Librairie De Fournier Jeune (p. 149-155).

CHAPITRE XIX.


Espérances des chasseurs — Le gué dangereux. — Cheval sauvage.


Ce matin, 21 octobre, le camp fut en mouvement de très bonne heure : chacun était animé de l’espérance de voir des buffles dans le courant de la journée. De toutes parts on entendait le cliquetis des fusils, d’où l’on retirait le petit plomb pour y substituer des balles ; cependant Tony se préparait principalement pour une campagne contre les chevaux sauvages.

Il sortit avec un rouleau de cordes suspendu à l’arçon de sa selle et une paire de baguettes blanches, assez semblables à des bâtons de lignes, et longues de huit à dix pieds avec l’extrémité fourchue.
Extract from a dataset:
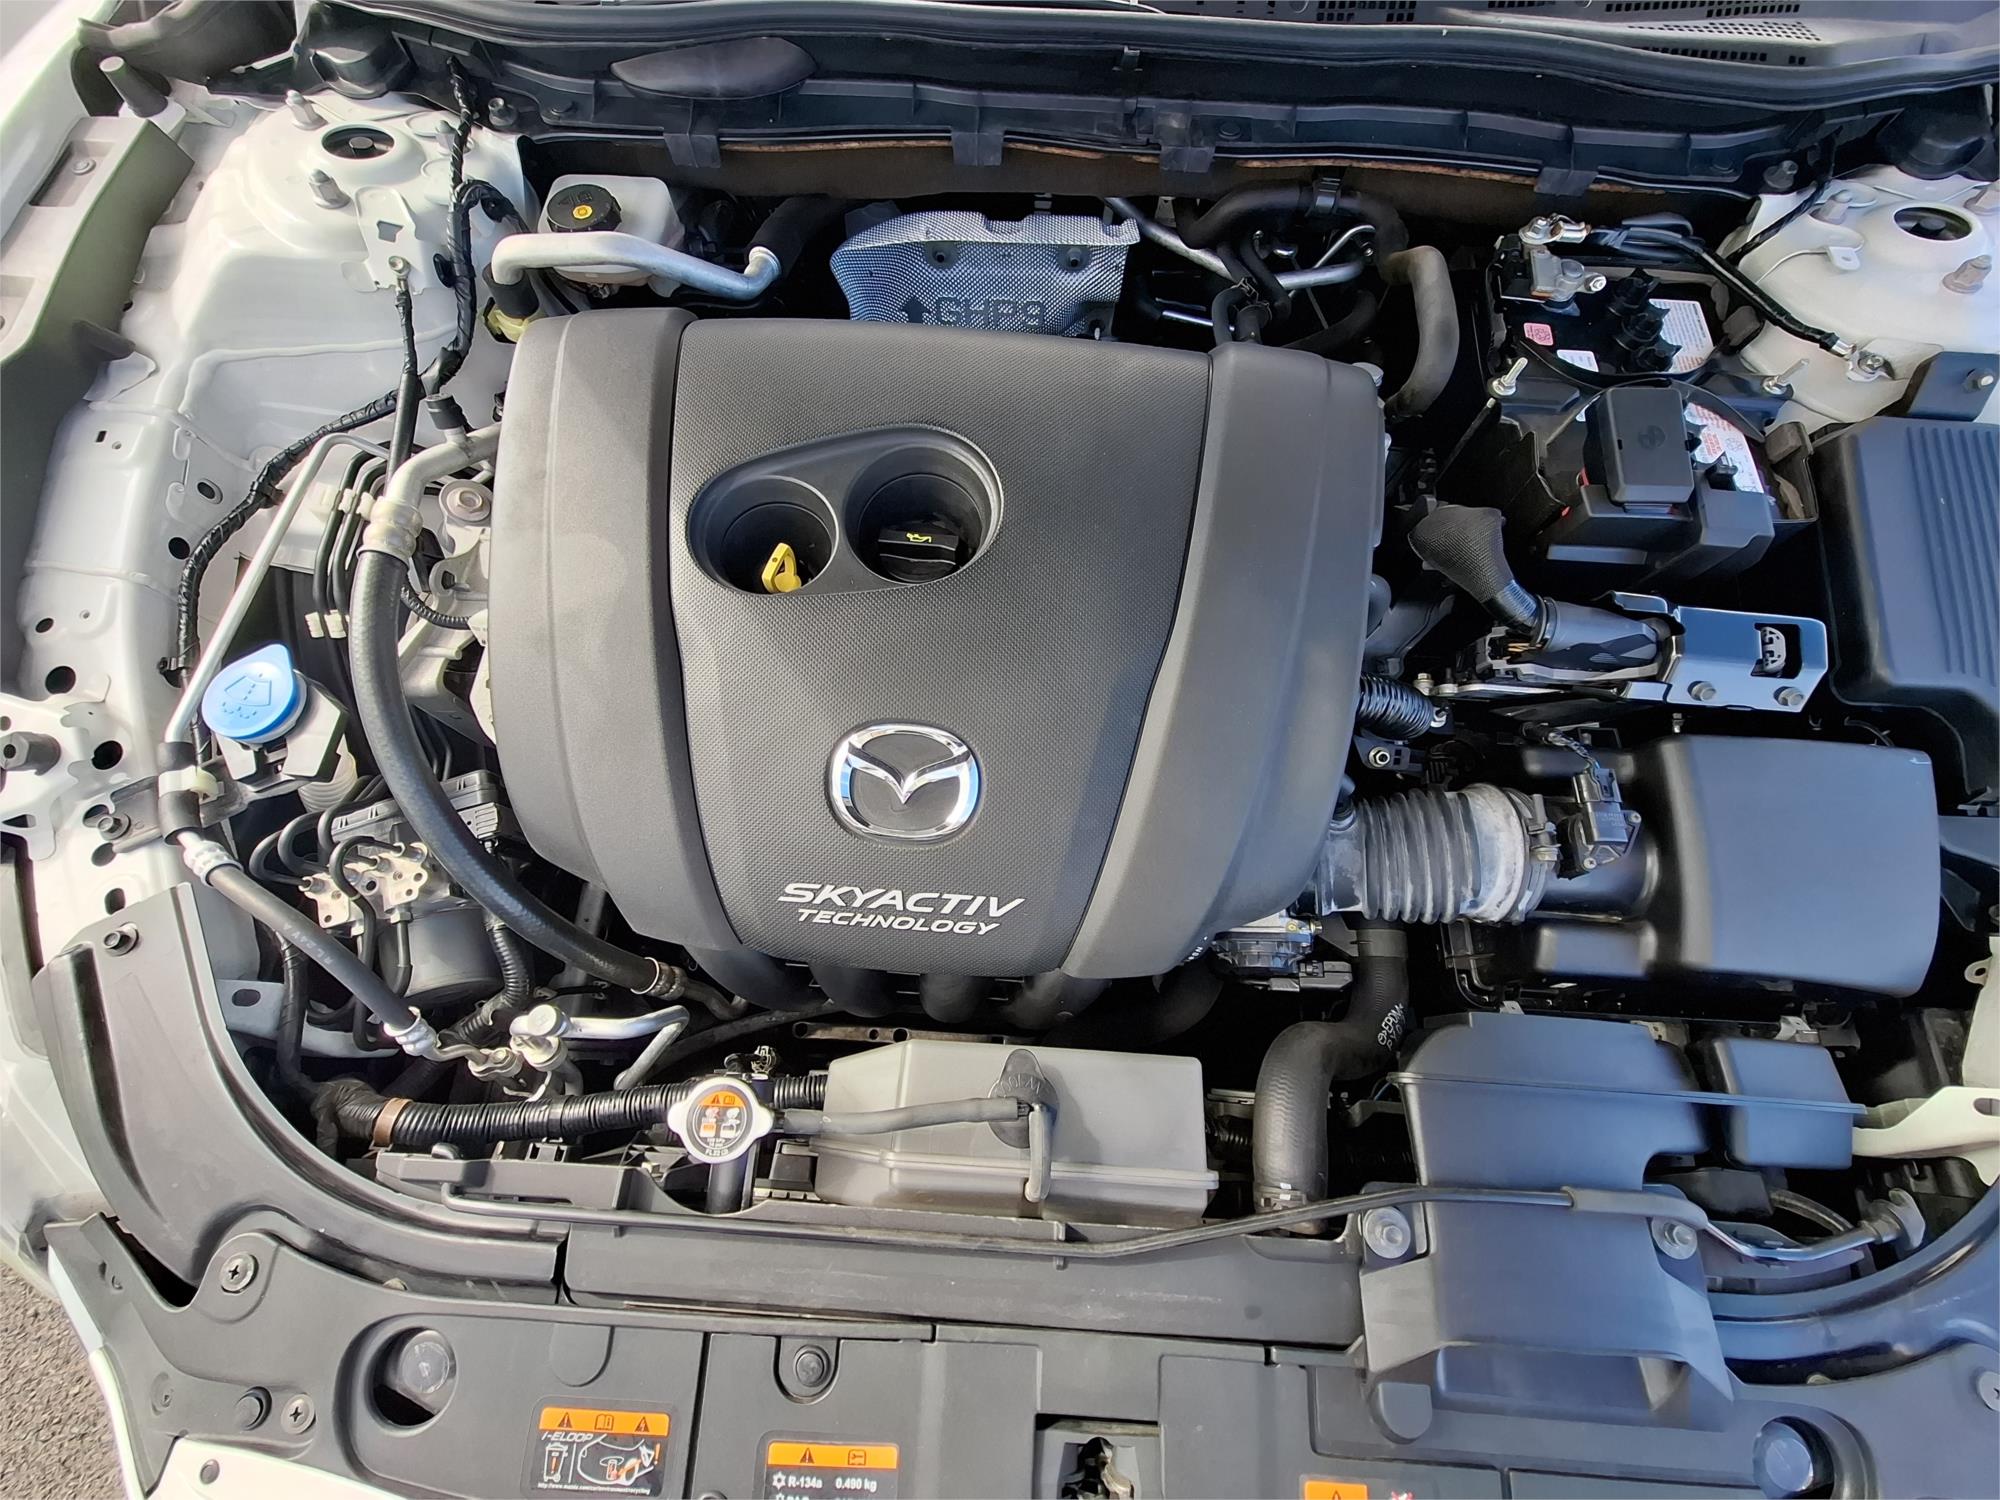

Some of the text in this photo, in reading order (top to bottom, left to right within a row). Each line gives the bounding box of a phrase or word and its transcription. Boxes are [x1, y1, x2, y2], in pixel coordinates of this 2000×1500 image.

[777, 883, 1026, 918] SKYACTIV
[797, 908, 1001, 936] TECHNOLOGY
[787, 1474, 878, 1493] R-134a 0.490 kg
Le lariat, ou cordeau roulé, employé à la chasse du cheval sauvage, répond au lazo de l’Amérique du Sud ; toutefois il n’est pas lancé par nos chasseurs avec la grâce, la dextérité des Espagnols. Ici, quand le chasseur, après une longue et vive poursuite, se trouve presque tête contre tête avec le cheval sauvage, il jette le nœud coulant du lariat sur le cou de l’animal par le moyen de la fourche, puis le Lassant courir de toute la longueur de la corde, il en joue comme le pêcheur joue avec le poisson pris à l’hameçon, et le soumet par la crainte de l’étranglement.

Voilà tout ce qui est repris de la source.